Survey development, format and content

A questionnaire was developed by the research team with the assistance of subject matter experts from ANSTO, Defence Science and Technology Organisation (DSTO) and the NSW Fire Brigades. The questionnaire comprised ten sections; demographic information, coping and personal resilience, general opinions on R/N issues, R/N knowledge, CBRNE terrorism threat perception, personal preparedness, anticipated response, information seeking, trusted sources of information, and risk perceptions based on uses of R/N materials. The survey took approximately 30 minutes to complete and was made available both in paper and electronic versions (a copy of the questionnaire is available on request). The research project was approved by the University of Western Sydney Human Research Ethics Committee (Approval No. 07/133).

Data collection and sample description

Three targeted subgroups formed the sample. As this study was a detailed preliminary study used to guide the development of later population-wide studies, the groups were selected to represent a spread across the general population, also allowing comparisons to be made on the basis of R/N interest, knowledge and age. These three subgroups were:

  1. ‘Contact’ group: members of the public on the ANSTO newsletter mailing list. All had previous contact with ANSTO through local community liaison or engagement activities or through tourist visits. It was anticipated that this group would be more interested in, and knowledgeable about, R/N issues than the wider general population.
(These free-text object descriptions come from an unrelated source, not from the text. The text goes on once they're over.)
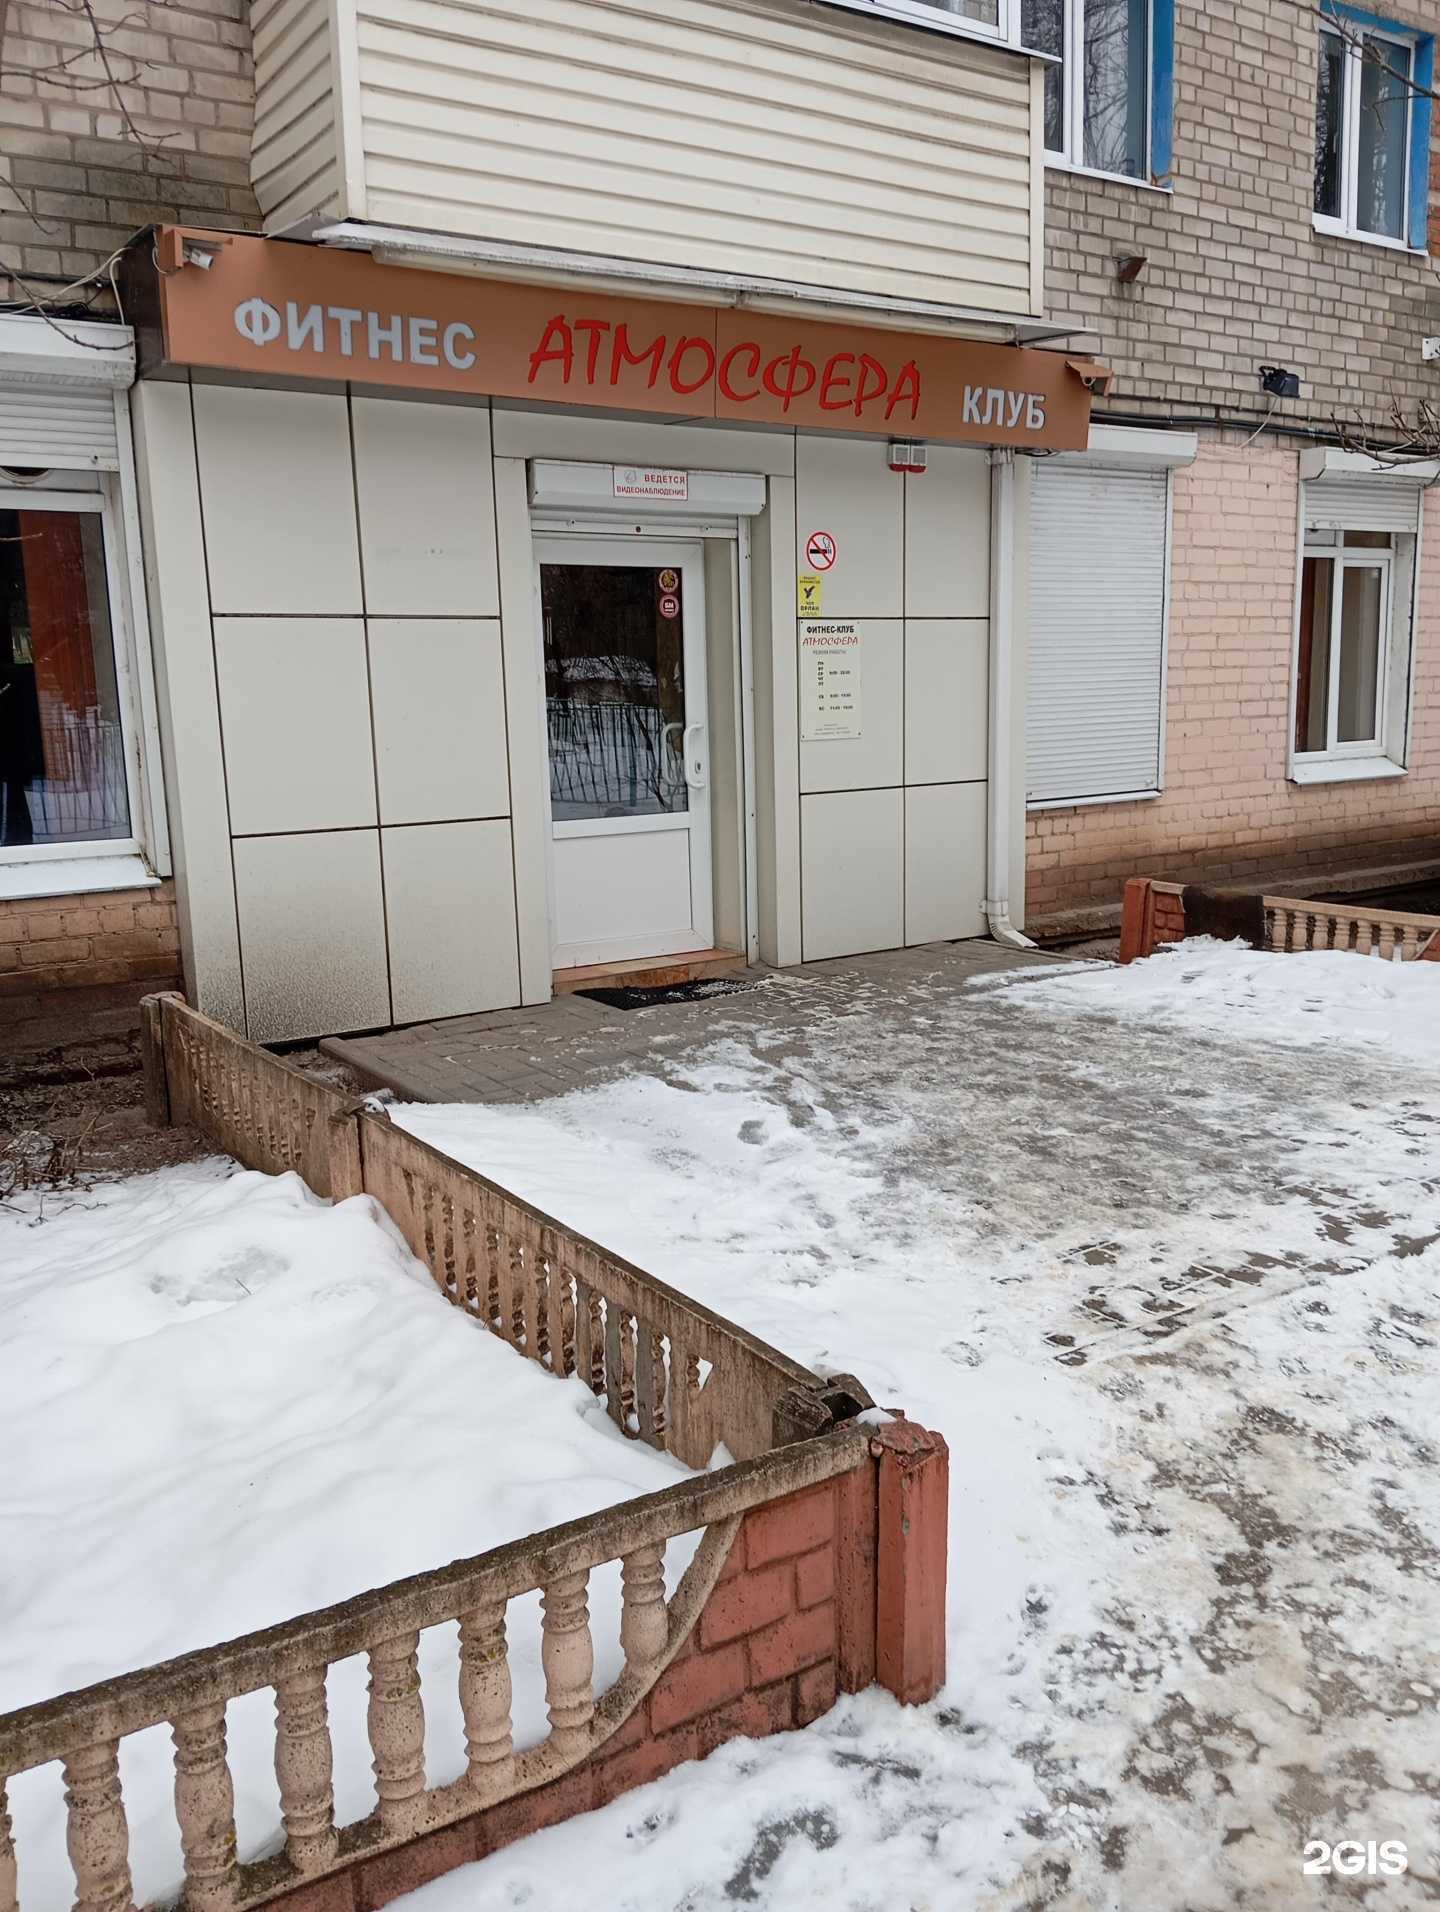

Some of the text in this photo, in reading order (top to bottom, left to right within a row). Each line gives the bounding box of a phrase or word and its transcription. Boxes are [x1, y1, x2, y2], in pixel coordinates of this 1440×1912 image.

[233, 297, 1046, 430] ФИТНЕС АТМОСФЕРА КЛУБ
[644, 474, 685, 484] ВЕДЕТСЯ
[616, 485, 685, 496] ВИДЕОНАБЛЮДЕНИЕ
[806, 625, 855, 634] ФИТНЕС-КЛУБ
[802, 636, 858, 646] АТМОСФЕРА
Approximately 780 questionnaires were posted to this group, and 204 completed responses were returned (Response rate = 26%).
  2. ‘General’ group: members of the public recruited from a number of sources, e.g. rail commuters, retirees, university administration staff, parents of young children. This group was convenience-sampled to form a mixed general population group with a range of ages and education levels. As they were contacted in a variety of ways, e.g. handed paper copies of the survey and sent open e-mail links to the survey, the response rates are unknown for some.
  3. ‘Young’ group: young people under 25, contacted through the social networking website, Facebook. It was felt important to collect data from a sample of younger people, as they may report differing degrees of vulnerability or resilience and may have different views on the uses of radiological or nuclear materials and the threat of terrorism. The survey link was sent to approximately 400 ‘Friends’ and 49 complete survey responses were received. Given the ‘friends’ represented a range of different and unspecified ages an accurate response rate for under 25 year olds, cannot be estimated.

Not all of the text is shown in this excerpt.